(58)【調査した分野】(Int.Cl.,DB名)
発光中心波長が互いに異なる複数種類のLED素子を具備し、波長290〜320nmの範囲の連続スペクトル光および波長320〜400nmの範囲の連続スペクトル光の少なくとも一方の連続スペクトル光を出射する光源部と、当該光源部を構成する当該複数種類のLED素子の各々の駆動を独立して制御する制御機構を有する駆動部とを備え、
前記光源部を構成する前記複数種類のLED素子は、少なくとも、1種類のLED素子が波長290〜320nmの範囲に発光中心波長を有し、他の1種類のLED素子が波長320〜400nmの範囲に発光中心波長を有しており、
前記光源部を構成する前記複数種類のLED素子において、発光中心波長が互いに近接する2種類のLED素子の発光中心波長間隔が10〜20nmであり、
前記光源部からの出射光が、人の皮膚における照射部位に照射されることを特徴とする紫外線感応度測定用紫外線照射器。
発光中心波長が互いに異なる複数種類のLED素子を具備し、波長290〜320nmの範囲の連続スペクトル光および波長320〜400nmの範囲の連続スペクトル光の少なくとも一方の連続スペクトル光を出射する光源部と、当該光源部を構成する当該複数種類のLED素子の各々の駆動を独立して制御する制御機構を有する駆動部とを備え、
基準太陽光の相対エネルギー分布に対する、前記光源部からの出射光の相対エネルギー分布の比であるスペクトル合致度が、75〜125%であり、
前記光源部からの出射光が、人の皮膚における照射部位に照射されることを特徴とする紫外線感応度測定用紫外線照射器。
【背景技術】
【0002】
光線過敏症とは、健常人では何ら変化を起こさないような光線、具体的には例えば太陽光の照射により、異常な皮膚反応が生じて紅斑などの皮膚症状が発生する疾患群を示すものである。この光線過敏症は、様々な病因によって発症するものであり、その病因によって、例えば遺伝性光線過敏症、代謝性光線過敏症、光アレルギー性光線過敏症および光毒性光線過敏症などに分類される。
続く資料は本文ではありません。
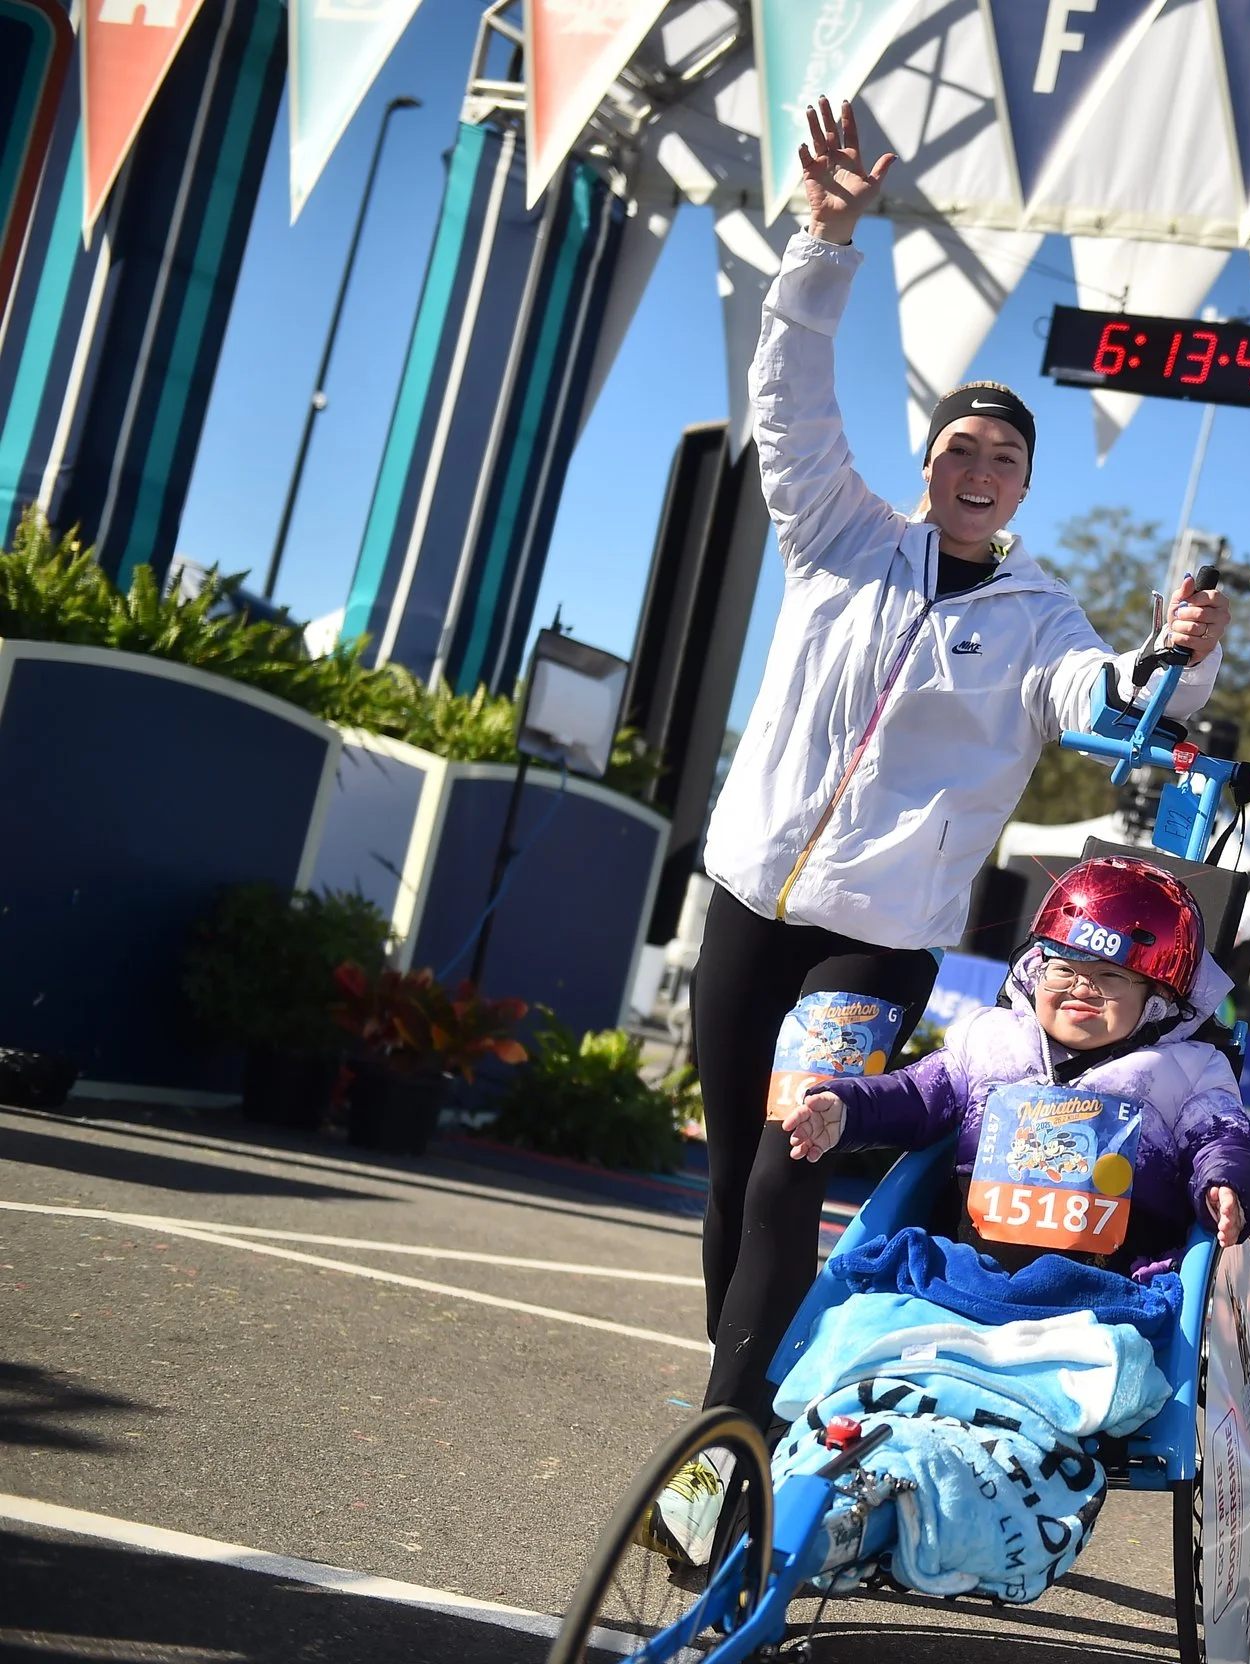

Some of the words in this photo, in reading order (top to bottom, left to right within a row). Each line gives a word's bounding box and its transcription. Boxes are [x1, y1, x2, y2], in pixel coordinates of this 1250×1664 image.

[958, 640, 983, 653] NIKE
[1074, 922, 1122, 957] 269
[888, 1007, 898, 1023] G
[1017, 1097, 1103, 1127] Marathon
[1118, 1101, 1131, 1121] E
[981, 1112, 1001, 1165] 15187
[983, 1186, 1119, 1236] 15187
[1216, 1460, 1226, 1522] MINE
[1225, 1421, 1237, 1598] BOOMERSHINE
[1217, 1530, 1226, 1576] GOT
光線過敏症を発症する疾患としては、例えば色素性乾皮症、骨髄性プロトポルフィリン症、種痘様水泡症、多形日光疹、光接触皮膚炎、日光蕁麻疹、光線過敏型薬疹、ポルフィリン症および慢性光線性皮膚炎などが挙げられる。
この光線過敏症は、一般的に、最少紅斑量(MED;Minimal Erythema Dose)、すなわち紅斑を生じさせる最少紫外線量を判定し、その最少紅斑量に基づいて発症が確認される。
【0003】
このような光線過敏症に対しては、現在のところ有効な治療法が確立されていないことから、日常生活における遮光の重要性はいわずもがなであるが、それと同時に、患者自身が季節(夏、冬)、時間帯(朝、昼、夜)、天気(晴、曇り、雨)、地域(北、南)および標高(低地、高地)などの紫外線量変動要因に応じた日光曝露許容時間を、検査によって把握することが極めて重要である。
【0004】
紫外線量変動要因に応じた日光曝露許容時間を検査によって把握することが極めて重要である理由について以下に説明する。
地表に到達する太陽光に含まれる紫外線の強度は波長によって異なり、また紫外線の人体への影響度も波長によって異なっている。
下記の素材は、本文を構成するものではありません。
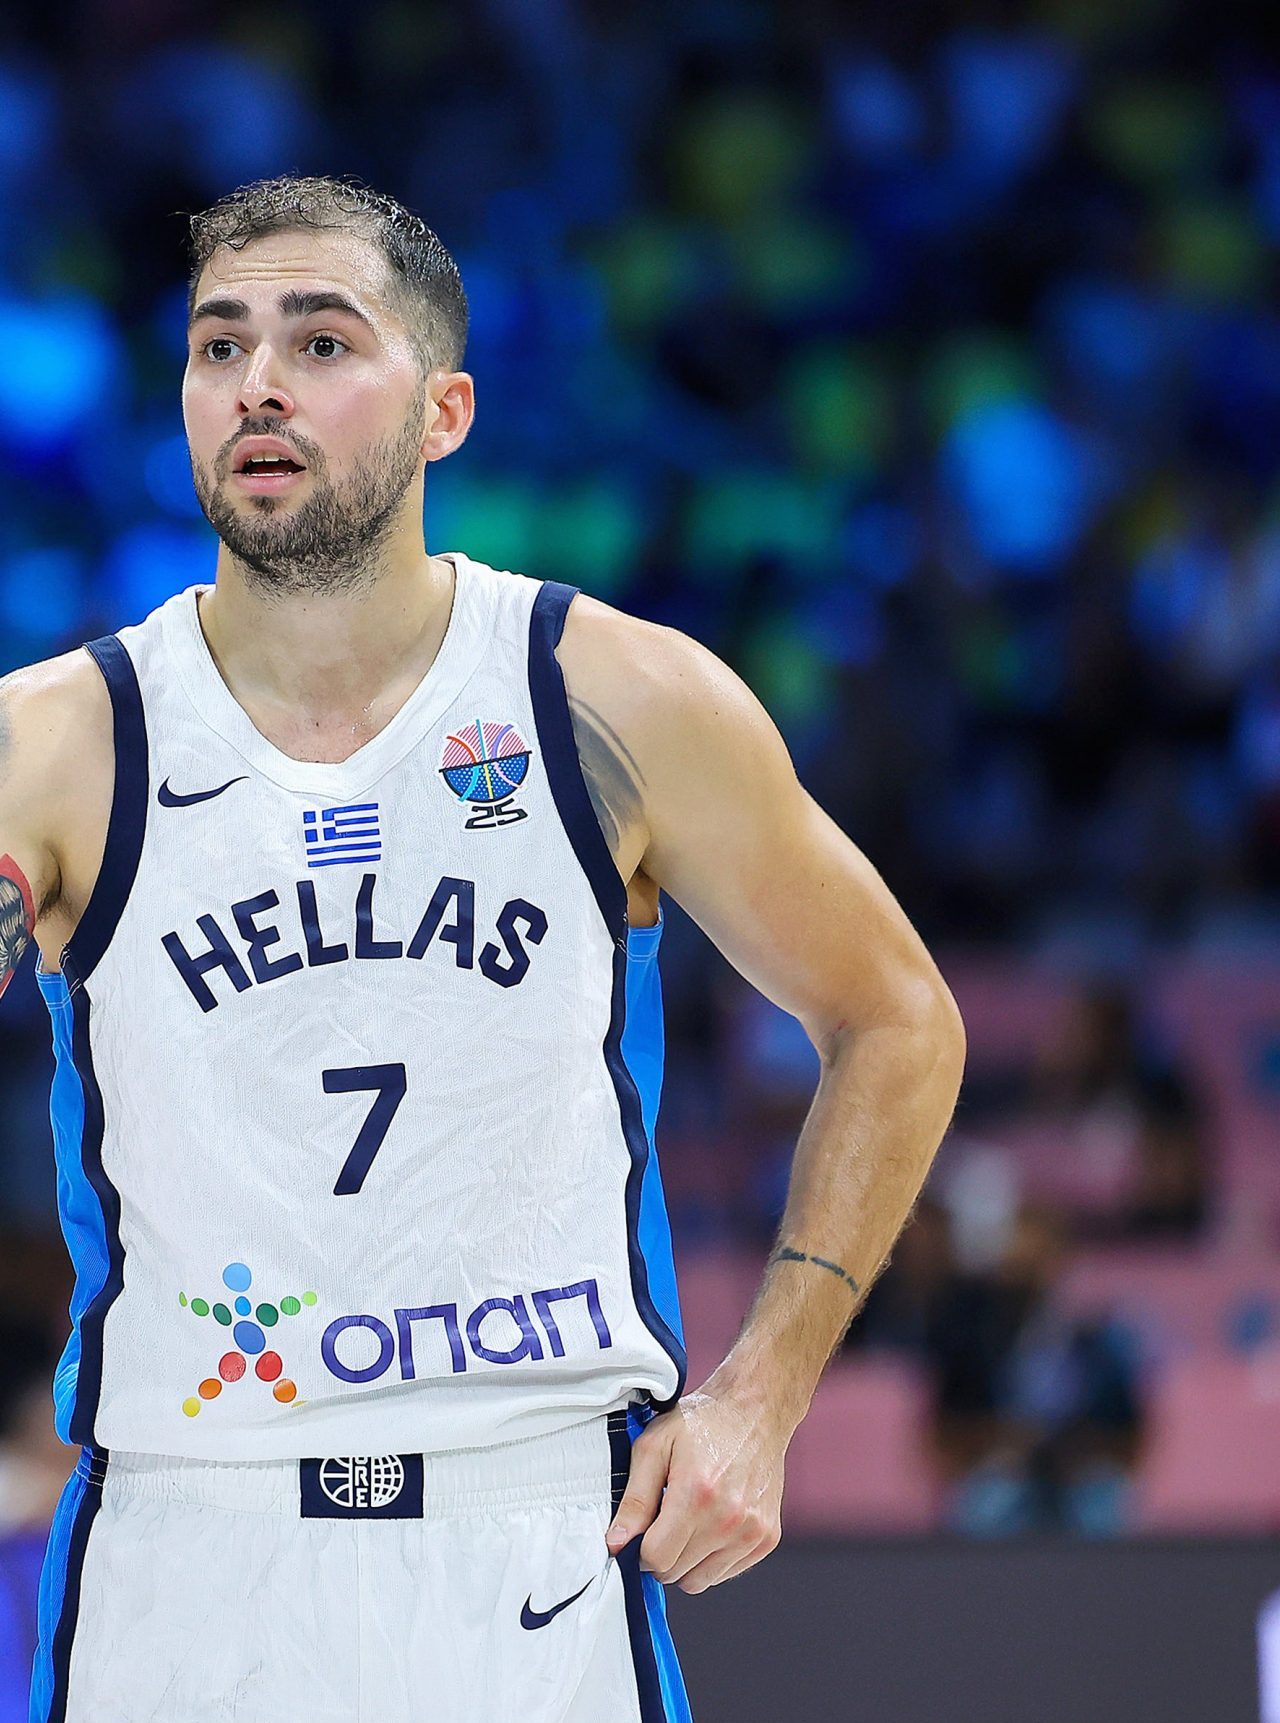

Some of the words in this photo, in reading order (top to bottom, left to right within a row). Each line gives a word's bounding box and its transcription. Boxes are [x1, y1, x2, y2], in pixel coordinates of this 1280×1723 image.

[464, 798, 529, 830] 25
[160, 873, 549, 1014] HELLAS
[321, 1062, 408, 1196] 7
紫外線の波長毎の人体への相対影響度の指標としては、波長別紫外線強度とCIE作用スペクトルとに基づいて算出される紅斑紫外線量が知られている。ここに、「CIE作用スペクトル」とは、国際照明委員会(CIE)によって定められたものであり、紫外線が人の皮膚に紅斑を引き起こす作用曲線である。また、「紅斑紫外線量」は、波長別紫外線強度にCIE作用スペクトルを乗じることによって得られる紅斑紫外線強度を、波長積分することによって得られる値である。
紅斑紫外線量は、季節によって変動し、北半球においては、7〜8月にピークを示し、12〜1月に向かって減少するサイクルを有しており、例えば、那覇では、7月の紅斑紫外線量は、1月の紅斑紫外線量に比して約3倍の値となる。また、紅斑紫外線量は、地域によっても異なり、例えば那覇の紅斑紫外線量は、各季節において、札幌の紅斑紫外線量に比して、1.5倍程度の値となる。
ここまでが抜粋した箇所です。